| Instructions for the task |
The entries underneath need to be duplicated exactly, with none omitted.
■ ■ ■ ■ ■ ■ ■
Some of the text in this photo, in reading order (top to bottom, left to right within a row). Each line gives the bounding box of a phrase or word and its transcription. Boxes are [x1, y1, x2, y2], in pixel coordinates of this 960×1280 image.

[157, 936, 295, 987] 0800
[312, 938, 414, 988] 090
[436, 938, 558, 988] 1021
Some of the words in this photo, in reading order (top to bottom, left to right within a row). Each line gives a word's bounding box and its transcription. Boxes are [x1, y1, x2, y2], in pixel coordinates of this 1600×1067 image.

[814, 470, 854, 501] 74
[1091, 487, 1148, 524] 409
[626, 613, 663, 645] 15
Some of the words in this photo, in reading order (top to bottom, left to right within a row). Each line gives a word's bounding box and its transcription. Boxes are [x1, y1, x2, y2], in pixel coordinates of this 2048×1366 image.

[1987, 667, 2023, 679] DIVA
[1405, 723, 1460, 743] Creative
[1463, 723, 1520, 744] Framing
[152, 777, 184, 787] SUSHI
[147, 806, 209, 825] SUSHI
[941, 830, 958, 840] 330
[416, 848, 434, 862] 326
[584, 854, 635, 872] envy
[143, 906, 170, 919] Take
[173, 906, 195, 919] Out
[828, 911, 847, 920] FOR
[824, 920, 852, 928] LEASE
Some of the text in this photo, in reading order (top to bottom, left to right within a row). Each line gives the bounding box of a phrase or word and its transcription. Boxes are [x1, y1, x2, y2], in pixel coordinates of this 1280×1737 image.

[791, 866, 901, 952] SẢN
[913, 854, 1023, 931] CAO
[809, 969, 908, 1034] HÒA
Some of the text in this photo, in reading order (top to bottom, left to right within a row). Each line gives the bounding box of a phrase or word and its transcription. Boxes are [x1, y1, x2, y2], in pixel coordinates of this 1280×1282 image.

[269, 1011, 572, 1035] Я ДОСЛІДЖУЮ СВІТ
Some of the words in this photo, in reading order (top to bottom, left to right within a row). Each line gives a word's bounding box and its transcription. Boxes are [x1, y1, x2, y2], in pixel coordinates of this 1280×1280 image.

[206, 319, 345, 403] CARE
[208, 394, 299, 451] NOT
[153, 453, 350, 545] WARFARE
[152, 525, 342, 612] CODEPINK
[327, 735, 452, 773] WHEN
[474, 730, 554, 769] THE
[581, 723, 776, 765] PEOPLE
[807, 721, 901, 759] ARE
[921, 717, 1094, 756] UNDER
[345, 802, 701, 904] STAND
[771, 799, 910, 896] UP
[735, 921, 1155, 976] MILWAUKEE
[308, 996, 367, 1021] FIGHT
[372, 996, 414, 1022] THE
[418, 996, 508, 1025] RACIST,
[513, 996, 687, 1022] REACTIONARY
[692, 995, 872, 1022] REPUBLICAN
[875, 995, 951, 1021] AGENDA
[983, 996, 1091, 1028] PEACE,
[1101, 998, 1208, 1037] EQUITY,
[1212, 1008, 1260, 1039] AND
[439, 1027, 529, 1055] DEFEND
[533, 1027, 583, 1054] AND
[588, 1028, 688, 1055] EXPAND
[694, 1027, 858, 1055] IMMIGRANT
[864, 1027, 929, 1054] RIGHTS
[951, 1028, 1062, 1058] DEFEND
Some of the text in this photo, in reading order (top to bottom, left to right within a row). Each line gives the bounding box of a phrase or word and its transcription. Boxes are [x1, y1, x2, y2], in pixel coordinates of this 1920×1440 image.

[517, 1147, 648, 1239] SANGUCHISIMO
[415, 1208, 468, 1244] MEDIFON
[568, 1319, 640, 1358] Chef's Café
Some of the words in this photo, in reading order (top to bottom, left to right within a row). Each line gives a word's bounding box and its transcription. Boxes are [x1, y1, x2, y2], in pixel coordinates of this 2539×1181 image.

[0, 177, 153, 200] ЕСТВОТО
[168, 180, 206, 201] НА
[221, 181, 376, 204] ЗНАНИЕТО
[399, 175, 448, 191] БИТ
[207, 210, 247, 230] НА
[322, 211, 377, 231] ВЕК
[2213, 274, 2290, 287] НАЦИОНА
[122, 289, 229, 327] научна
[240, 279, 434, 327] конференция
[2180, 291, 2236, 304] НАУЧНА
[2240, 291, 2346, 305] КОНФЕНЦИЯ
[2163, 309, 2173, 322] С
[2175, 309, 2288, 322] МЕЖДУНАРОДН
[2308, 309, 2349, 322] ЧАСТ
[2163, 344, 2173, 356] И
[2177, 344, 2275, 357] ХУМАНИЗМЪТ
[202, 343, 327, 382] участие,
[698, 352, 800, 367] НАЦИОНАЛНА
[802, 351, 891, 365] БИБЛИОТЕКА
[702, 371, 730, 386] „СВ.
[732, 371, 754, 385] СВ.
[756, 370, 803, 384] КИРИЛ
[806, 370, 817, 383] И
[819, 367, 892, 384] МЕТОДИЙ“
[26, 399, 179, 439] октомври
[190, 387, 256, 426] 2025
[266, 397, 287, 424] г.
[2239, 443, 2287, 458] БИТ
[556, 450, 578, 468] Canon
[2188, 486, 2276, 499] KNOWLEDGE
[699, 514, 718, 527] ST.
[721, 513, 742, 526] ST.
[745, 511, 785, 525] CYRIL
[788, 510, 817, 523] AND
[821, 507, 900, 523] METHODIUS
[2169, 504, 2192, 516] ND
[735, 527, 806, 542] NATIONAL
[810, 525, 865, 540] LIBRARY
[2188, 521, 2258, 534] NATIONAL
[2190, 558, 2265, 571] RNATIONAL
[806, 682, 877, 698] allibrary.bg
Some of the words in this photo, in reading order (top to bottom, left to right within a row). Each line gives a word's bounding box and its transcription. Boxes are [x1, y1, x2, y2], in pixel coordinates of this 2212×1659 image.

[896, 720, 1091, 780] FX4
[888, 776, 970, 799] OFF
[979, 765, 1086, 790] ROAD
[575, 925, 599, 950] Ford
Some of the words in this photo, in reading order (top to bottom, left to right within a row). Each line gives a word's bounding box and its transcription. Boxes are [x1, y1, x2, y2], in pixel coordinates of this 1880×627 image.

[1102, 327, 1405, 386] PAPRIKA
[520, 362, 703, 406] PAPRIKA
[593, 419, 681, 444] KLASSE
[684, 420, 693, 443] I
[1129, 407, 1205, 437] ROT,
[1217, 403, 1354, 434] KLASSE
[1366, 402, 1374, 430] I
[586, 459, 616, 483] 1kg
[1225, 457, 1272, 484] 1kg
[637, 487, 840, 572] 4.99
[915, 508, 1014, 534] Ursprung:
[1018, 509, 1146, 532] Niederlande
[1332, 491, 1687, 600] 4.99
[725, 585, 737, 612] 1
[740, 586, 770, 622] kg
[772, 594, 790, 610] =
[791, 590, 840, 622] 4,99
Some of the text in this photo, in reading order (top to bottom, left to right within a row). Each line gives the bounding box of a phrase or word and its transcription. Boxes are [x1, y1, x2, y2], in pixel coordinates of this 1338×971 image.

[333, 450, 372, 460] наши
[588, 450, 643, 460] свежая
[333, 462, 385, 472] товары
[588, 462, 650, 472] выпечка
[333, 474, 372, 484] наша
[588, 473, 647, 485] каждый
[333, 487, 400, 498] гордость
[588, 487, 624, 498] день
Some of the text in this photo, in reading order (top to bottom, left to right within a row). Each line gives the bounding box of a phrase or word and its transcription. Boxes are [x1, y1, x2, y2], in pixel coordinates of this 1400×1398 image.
■ ■ ■ ■ ■ ■ ■
| Your solution |
Some of the text in this photo, in reading order (top to bottom, left to right within a row). Each line gives the bounding box of a phrase or word and its transcription. Boxes are [x1, y1, x2, y2], in pixel coordinates of this 960×1280 image.

[157, 936, 295, 987] 0800
[312, 938, 414, 988] 090
[436, 938, 558, 988] 1021
Some of the words in this photo, in reading order (top to bottom, left to right within a row). Each line gives a word's bounding box and its transcription. Boxes are [x1, y1, x2, y2], in pixel coordinates of this 1600×1067 image.

[814, 470, 854, 501] 74
[1091, 487, 1148, 524] 409
[626, 613, 663, 645] 15
Some of the words in this photo, in reading order (top to bottom, left to right within a row). Each line gives a word's bounding box and its transcription. Boxes are [x1, y1, x2, y2], in pixel coordinates of this 2048×1366 image.

[1987, 667, 2023, 679] DIVA
[1405, 723, 1460, 743] Creative
[1463, 723, 1520, 744] Framing
[152, 777, 184, 787] SUSHI
[147, 806, 209, 825] SUSHI
[941, 830, 958, 840] 330
[416, 848, 434, 862] 326
[584, 854, 635, 872] envy
[143, 906, 170, 919] Take
[173, 906, 195, 919] Out
[828, 911, 847, 920] FOR
[824, 920, 852, 928] LEASE
Some of the text in this photo, in reading order (top to bottom, left to right within a row). Each line gives the bounding box of a phrase or word and its transcription. Boxes are [x1, y1, x2, y2], in pixel coordinates of this 1280×1737 image.

[791, 866, 901, 952] SẢN
[913, 854, 1023, 931] CAO
[809, 969, 908, 1034] HÒA
Some of the text in this photo, in reading order (top to bottom, left to right within a row). Each line gives the bounding box of a phrase or word and its transcription. Boxes are [x1, y1, x2, y2], in pixel coordinates of this 1280×1282 image.

[269, 1011, 572, 1035] Я ДОСЛІДЖУЮ СВІТ
Some of the words in this photo, in reading order (top to bottom, left to right within a row). Each line gives a word's bounding box and its transcription. Boxes are [x1, y1, x2, y2], in pixel coordinates of this 1280×1280 image.

[206, 319, 345, 403] CARE
[208, 394, 299, 451] NOT
[153, 453, 350, 545] WARFARE
[152, 525, 342, 612] CODEPINK
[327, 735, 452, 773] WHEN
[474, 730, 554, 769] THE
[581, 723, 776, 765] PEOPLE
[807, 721, 901, 759] ARE
[921, 717, 1094, 756] UNDER
[345, 802, 701, 904] STAND
[771, 799, 910, 896] UP
[735, 921, 1155, 976] MILWAUKEE
[308, 996, 367, 1021] FIGHT
[372, 996, 414, 1022] THE
[418, 996, 508, 1025] RACIST,
[513, 996, 687, 1022] REACTIONARY
[692, 995, 872, 1022] REPUBLICAN
[875, 995, 951, 1021] AGENDA
[983, 996, 1091, 1028] PEACE,
[1101, 998, 1208, 1037] EQUITY,
[1212, 1008, 1260, 1039] AND
[439, 1027, 529, 1055] DEFEND
[533, 1027, 583, 1054] AND
[588, 1028, 688, 1055] EXPAND
[694, 1027, 858, 1055] IMMIGRANT
[864, 1027, 929, 1054] RIGHTS
[951, 1028, 1062, 1058] DEFEND
Some of the text in this photo, in reading order (top to bottom, left to right within a row). Each line gives the bounding box of a phrase or word and its transcription. Boxes are [x1, y1, x2, y2], in pixel coordinates of this 1920×1440 image.

[517, 1147, 648, 1239] SANGUCHISIMO
[415, 1208, 468, 1244] MEDIFON
[568, 1319, 640, 1358] Chef's Café
Some of the words in this photo, in reading order (top to bottom, left to right within a row). Each line gives a word's bounding box and its transcription. Boxes are [x1, y1, x2, y2], in pixel coordinates of this 2539×1181 image.

[0, 177, 153, 200] ЕСТВОТО
[168, 180, 206, 201] НА
[221, 181, 376, 204] ЗНАНИЕТО
[399, 175, 448, 191] БИТ
[207, 210, 247, 230] НА
[322, 211, 377, 231] ВЕК
[2213, 274, 2290, 287] НАЦИОНА
[122, 289, 229, 327] научна
[240, 279, 434, 327] конференция
[2180, 291, 2236, 304] НАУЧНА
[2240, 291, 2346, 305] КОНФЕНЦИЯ
[2163, 309, 2173, 322] С
[2175, 309, 2288, 322] МЕЖДУНАРОДН
[2308, 309, 2349, 322] ЧАСТ
[2163, 344, 2173, 356] И
[2177, 344, 2275, 357] ХУМАНИЗМЪТ
[202, 343, 327, 382] участие,
[698, 352, 800, 367] НАЦИОНАЛНА
[802, 351, 891, 365] БИБЛИОТЕКА
[702, 371, 730, 386] „СВ.
[732, 371, 754, 385] СВ.
[756, 370, 803, 384] КИРИЛ
[806, 370, 817, 383] И
[819, 367, 892, 384] МЕТОДИЙ“
[26, 399, 179, 439] октомври
[190, 387, 256, 426] 2025
[266, 397, 287, 424] г.
[2239, 443, 2287, 458] БИТ
[556, 450, 578, 468] Canon
[2188, 486, 2276, 499] KNOWLEDGE
[699, 514, 718, 527] ST.
[721, 513, 742, 526] ST.
[745, 511, 785, 525] CYRIL
[788, 510, 817, 523] AND
[821, 507, 900, 523] METHODIUS
[2169, 504, 2192, 516] ND
[735, 527, 806, 542] NATIONAL
[810, 525, 865, 540] LIBRARY
[2188, 521, 2258, 534] NATIONAL
[2190, 558, 2265, 571] RNATIONAL
[806, 682, 877, 698] allibrary.bg
Some of the words in this photo, in reading order (top to bottom, left to right within a row). Each line gives a word's bounding box and its transcription. Boxes are [x1, y1, x2, y2], in pixel coordinates of this 2212×1659 image.

[896, 720, 1091, 780] FX4
[888, 776, 970, 799] OFF
[979, 765, 1086, 790] ROAD
[575, 925, 599, 950] Ford
Some of the words in this photo, in reading order (top to bottom, left to right within a row). Each line gives a word's bounding box and its transcription. Boxes are [x1, y1, x2, y2], in pixel coordinates of this 1880×627 image.

[1102, 327, 1405, 386] PAPRIKA
[520, 362, 703, 406] PAPRIKA
[593, 419, 681, 444] KLASSE
[684, 420, 693, 443] I
[1129, 407, 1205, 437] ROT,
[1217, 403, 1354, 434] KLASSE
[1366, 402, 1374, 430] I
[586, 459, 616, 483] 1kg
[1225, 457, 1272, 484] 1kg
[637, 487, 840, 572] 4.99
[915, 508, 1014, 534] Ursprung:
[1018, 509, 1146, 532] Niederlande
[1332, 491, 1687, 600] 4.99
[725, 585, 737, 612] 1
[740, 586, 770, 622] kg
[772, 594, 790, 610] =
[791, 590, 840, 622] 4,99
Some of the text in this photo, in reading order (top to bottom, left to right within a row). Each line gives the bounding box of a phrase or word and its transcription. Boxes are [x1, y1, x2, y2], in pixel coordinates of this 1338×971 image.

[333, 450, 372, 460] наши
[588, 450, 643, 460] свежая
[333, 462, 385, 472] товары
[588, 462, 650, 472] выпечка
[333, 474, 372, 484] наша
[588, 473, 647, 485] каждый
[333, 487, 400, 498] гордость
[588, 487, 624, 498] день
Some of the text in this photo, in reading order (top to bottom, left to right within a row). Each line gives the bounding box of a phrase or word and its transcription. Boxes are [x1, y1, x2, y2], in pixel coordinates of this 1400×1398 image.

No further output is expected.